Many of the methods discussed above have equivalent functions in the NumPy namespace

In [49]:
a = np.array((4, 3, 2, 1))

In [50]:
np.sum(a)

10

In [51]:
np.mean(a)

2.5

## Operations on Arrays


<a id='index-8'></a>

### Arithmetic Operations

The operators `+`, `-`, `*`, `/` and `**` all act *elementwise* on arrays

In [52]:
a = np.array([1, 2, 3, 4])
b = np.array([5, 6, 7, 8])
a + b

array([ 6,  8, 10, 12])

In [53]:
a * b

array([ 5, 12, 21, 32])

We can add a scalar to each element as follows

In [54]:
a + 10

array([11, 12, 13, 14])

Scalar multiplication is similar

In [55]:
a * 10

array([10, 20, 30, 40])

The two dimensional arrays follow the same general rules

In [56]:
A = np.ones((2, 2))
B = np.ones((2, 2))
A + B

array([[2., 2.],
       [2., 2.]])

In [57]:
A + 10

array([[11., 11.],
       [11., 11.]])

In [58]:
A * B

array([[1., 1.],
       [1., 1.]])


<a id='numpy-matrix-multiplication'></a>
In particular, `A * B` is *not* the matrix product, it is an element-wise product

### Matrix Multiplication


<a id='index-9'></a>
With Anaconda’s scientific Python package based around Python 3.5 and above,
one can use the `@` symbol for matrix multiplication, as follows:

In [59]:
A = np.ones((2, 2))
B = np.ones((2, 2))
A @ B

array([[2., 2.],
       [2., 2.]])

(For older versions of Python and NumPy you need to use the [np.dot](http://docs.scipy.org/doc/numpy/reference/generated/numpy.dot.html) function)

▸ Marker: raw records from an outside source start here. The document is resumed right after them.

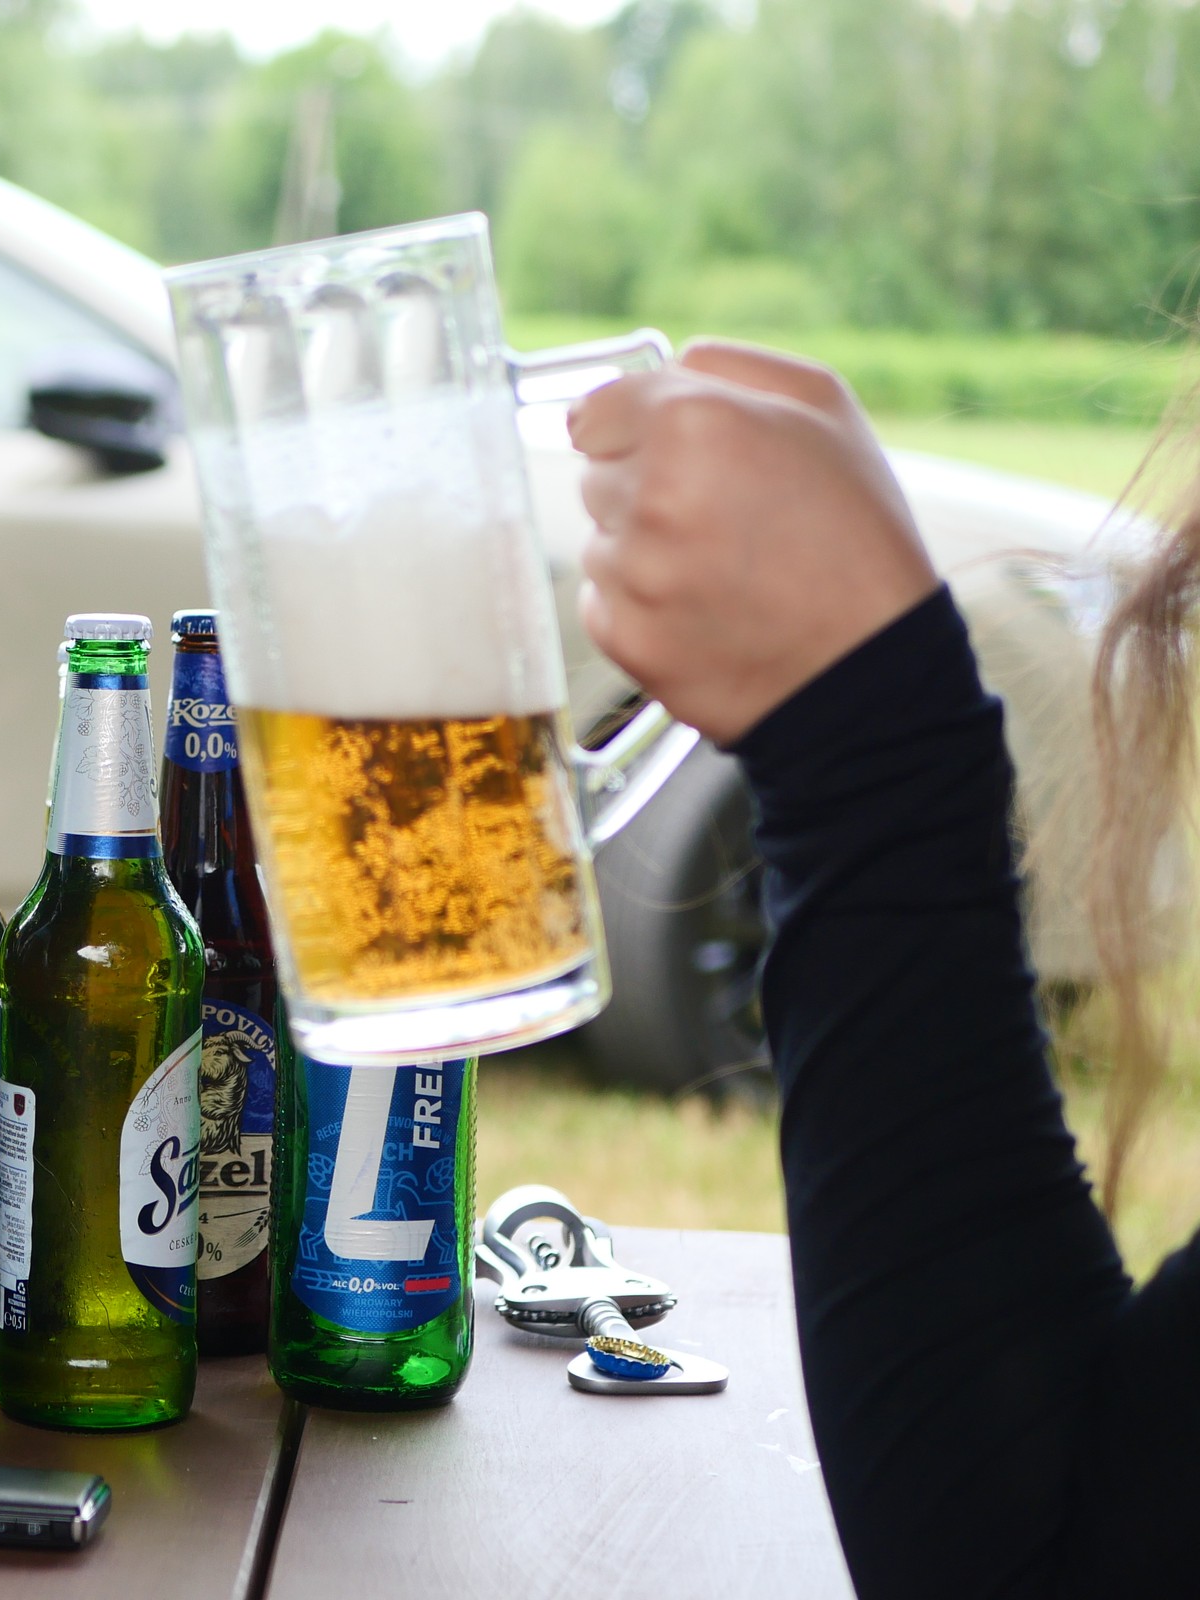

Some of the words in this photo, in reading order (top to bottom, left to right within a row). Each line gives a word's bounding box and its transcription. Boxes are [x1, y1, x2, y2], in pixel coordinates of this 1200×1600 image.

[172, 698, 239, 728] Koze
[185, 732, 237, 761] 0,0%
[173, 1095, 192, 1105] Anno
[332, 1280, 348, 1288] ALC
[354, 1298, 403, 1309] BROWARY
[341, 1307, 413, 1319] WIELKOPOLSKI

We can also use `@` to take the inner product of two flat arrays

In [60]:
A = np.array((1, 2))
B = np.array((10, 20))
A @ B

50

In fact, we can use `@` when one element is a Python list or tuple

In [61]:
A = np.array(((1, 2), (3, 4)))
A

array([[1, 2],
       [3, 4]])

In [62]:
A @ (0, 1)

array([2, 4])

Since we are postmultiplying, the tuple is treated as a column vector

In [63]:
a[-1] = 0  # Change last element to 0
a

array([1, 2, 3, 0])

### Mutability and copying of numpy arrays

In [64]:
a = np.random.randn(3)
a

array([-0.29865287,  0.14049209,  0.87386953])

In [65]:
b = a
b[0] = 0.0
a

array([0.        , 0.14049209, 0.87386953])

What’s happened is that we have changed `a` by changing `b`.

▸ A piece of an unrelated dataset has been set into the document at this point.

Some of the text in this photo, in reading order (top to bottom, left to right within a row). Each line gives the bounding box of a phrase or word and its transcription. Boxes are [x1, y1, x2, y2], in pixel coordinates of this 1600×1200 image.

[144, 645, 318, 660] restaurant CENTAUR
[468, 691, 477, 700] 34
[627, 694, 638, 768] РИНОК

The name `b` is bound to `a` and becomes just another reference to the array. Hence, it has equal rights to make changes to that array.

This is in fact the most sensible default behavior! It means that we pass around only pointers to data, rather than making copies. Making copies is expensive in terms of both speed and memory.

#### Making Copies

It is of course possible to make `b` an independent copy of `a` when required

This can be done using `np.copy`

In [66]:
a = np.random.randn(3)
a

array([0.3370952 , 0.69381906, 0.07745963])

In [67]:
b = np.copy(a)
b

array([0.3370952 , 0.69381906, 0.07745963])

Now `b` is an independent copy (called a *deep copy*)

In [68]:
b[:] = 1
b

array([1., 1., 1.])

In [69]:
a

array([0.3370952 , 0.69381906, 0.07745963])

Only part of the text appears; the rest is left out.